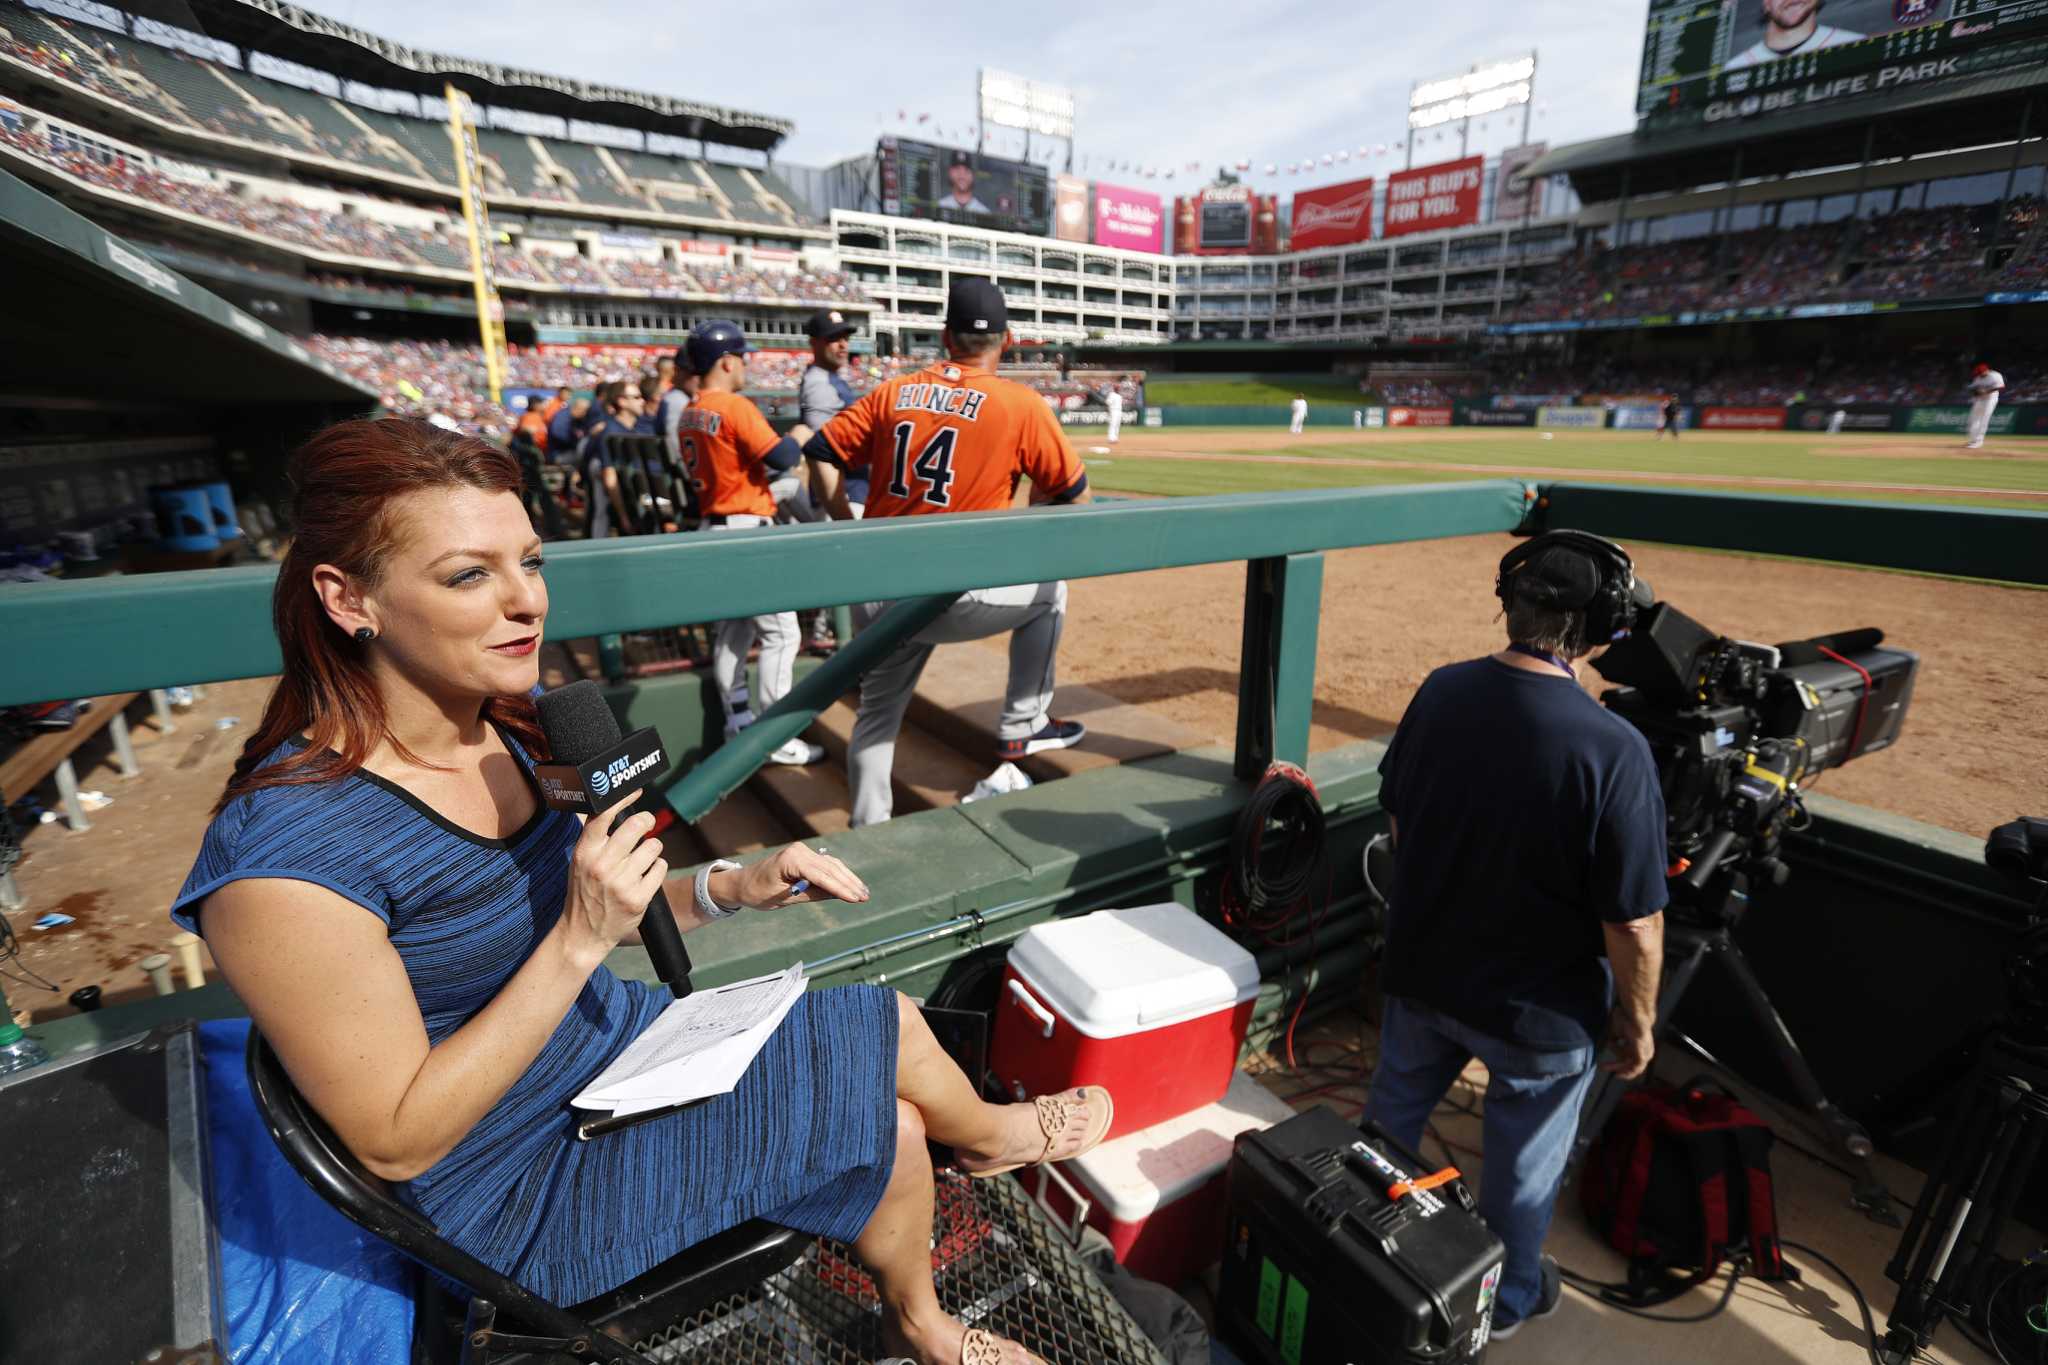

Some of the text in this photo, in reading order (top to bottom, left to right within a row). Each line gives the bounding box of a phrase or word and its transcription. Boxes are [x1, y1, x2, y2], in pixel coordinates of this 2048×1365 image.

[1703, 89, 1797, 122] GLOBE
[1804, 75, 1868, 102] LIFE
[1875, 57, 1960, 88] PARK
[1390, 178, 1426, 201] THIS
[1428, 166, 1480, 195] BUD'S
[1388, 195, 1460, 223] FOR YOU.
[895, 383, 987, 422] HINCH
[888, 421, 959, 507] 14
[608, 754, 630, 776] AT&T
[611, 750, 661, 789] SPORTSNET
[553, 789, 586, 802] SPORTSNET
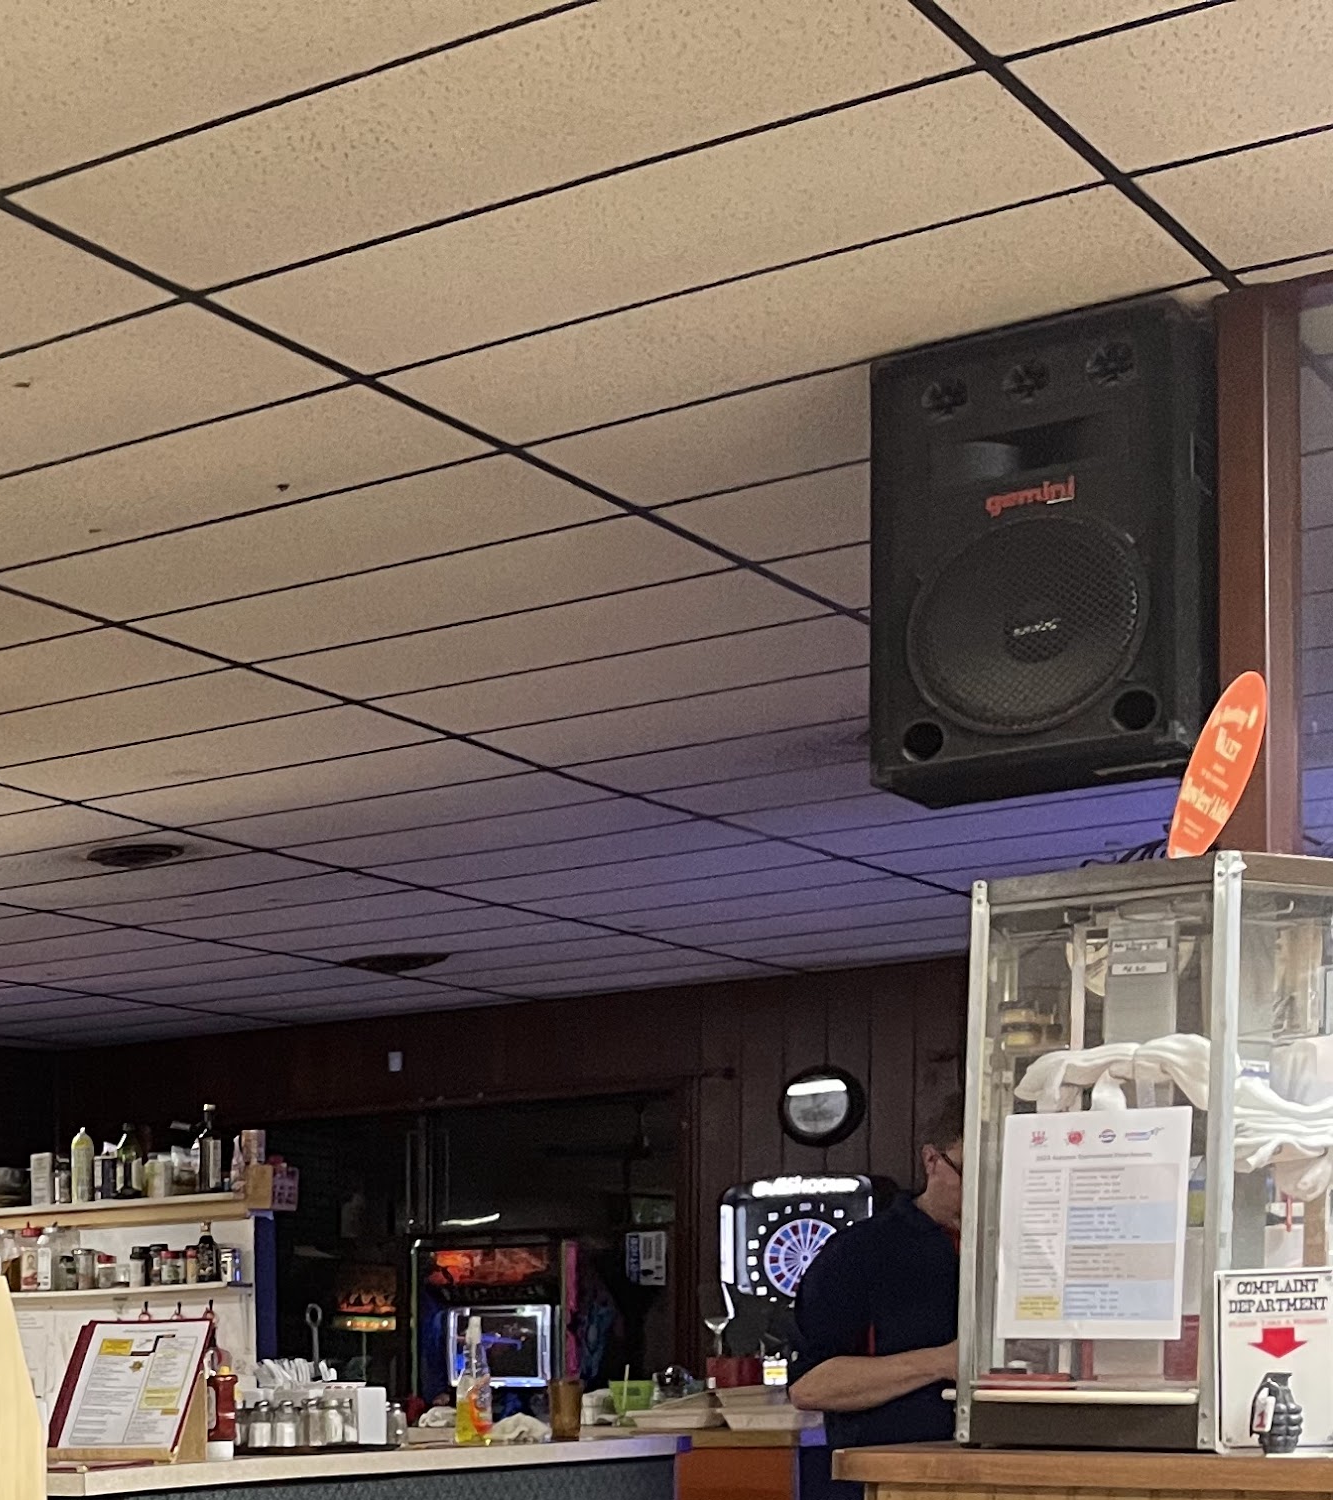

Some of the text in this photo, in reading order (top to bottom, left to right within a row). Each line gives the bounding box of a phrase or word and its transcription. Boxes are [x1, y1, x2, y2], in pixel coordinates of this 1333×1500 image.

[985, 475, 1075, 518] gemini
[1237, 1278, 1319, 1295] COMPLAINT
[1228, 1296, 1329, 1315] DEPARTMENT
[1255, 1413, 1267, 1429] 1
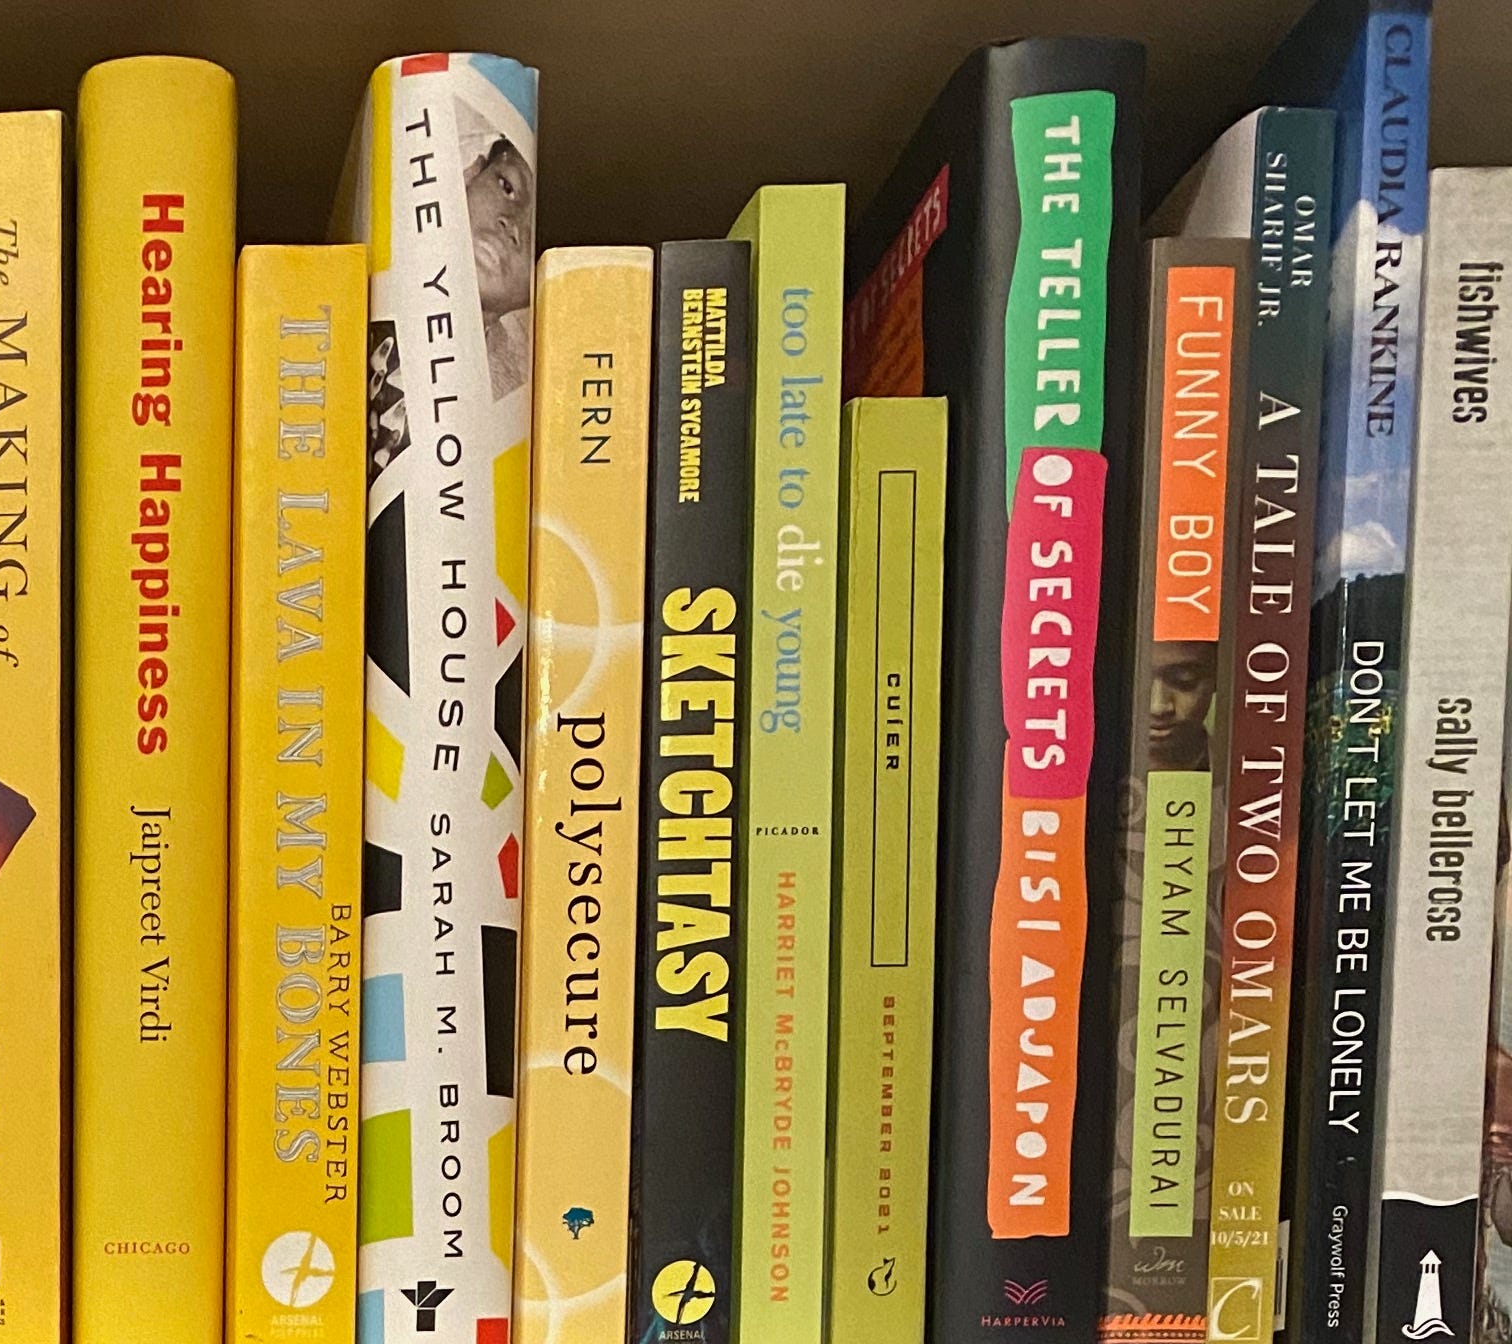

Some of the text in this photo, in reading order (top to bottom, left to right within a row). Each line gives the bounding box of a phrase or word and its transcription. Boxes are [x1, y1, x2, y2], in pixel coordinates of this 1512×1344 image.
☆ ☆ ☆
* **About this task**:
Without the pictures, set down every entry exactly.

* **Answer to the problem**:
Some of the text in this photo, in reading order (top to bottom, left to right within a row). Each line gives the bounding box of a phrase or word and its transcription. Boxes are [x1, y1, x2, y2], in pixel coordinates of this 2048×1365 image.

[1703, 89, 1797, 122] GLOBE
[1804, 75, 1868, 102] LIFE
[1875, 57, 1960, 88] PARK
[1390, 178, 1426, 201] THIS
[1428, 166, 1480, 195] BUD'S
[1388, 195, 1460, 223] FOR YOU.
[895, 383, 987, 422] HINCH
[888, 421, 959, 507] 14
[608, 754, 630, 776] AT&T
[611, 750, 661, 789] SPORTSNET
[553, 789, 586, 802] SPORTSNET

Some of the text in this photo, in reading order (top to bottom, left to right within a row). Each line gives the bounding box of a phrase or word and its transcription. Boxes are [x1, y1, x2, y2], in pixel coordinates of this 1333×1500 image.

[985, 475, 1075, 518] gemini
[1237, 1278, 1319, 1295] COMPLAINT
[1228, 1296, 1329, 1315] DEPARTMENT
[1255, 1413, 1267, 1429] 1

Some of the text in this photo, in reading order (top to bottom, left to right within a row). Each line gives the bounding box of a phrase or word and its transcription. Boxes are [x1, y1, x2, y2], in pixel coordinates of this 1512×1344 image.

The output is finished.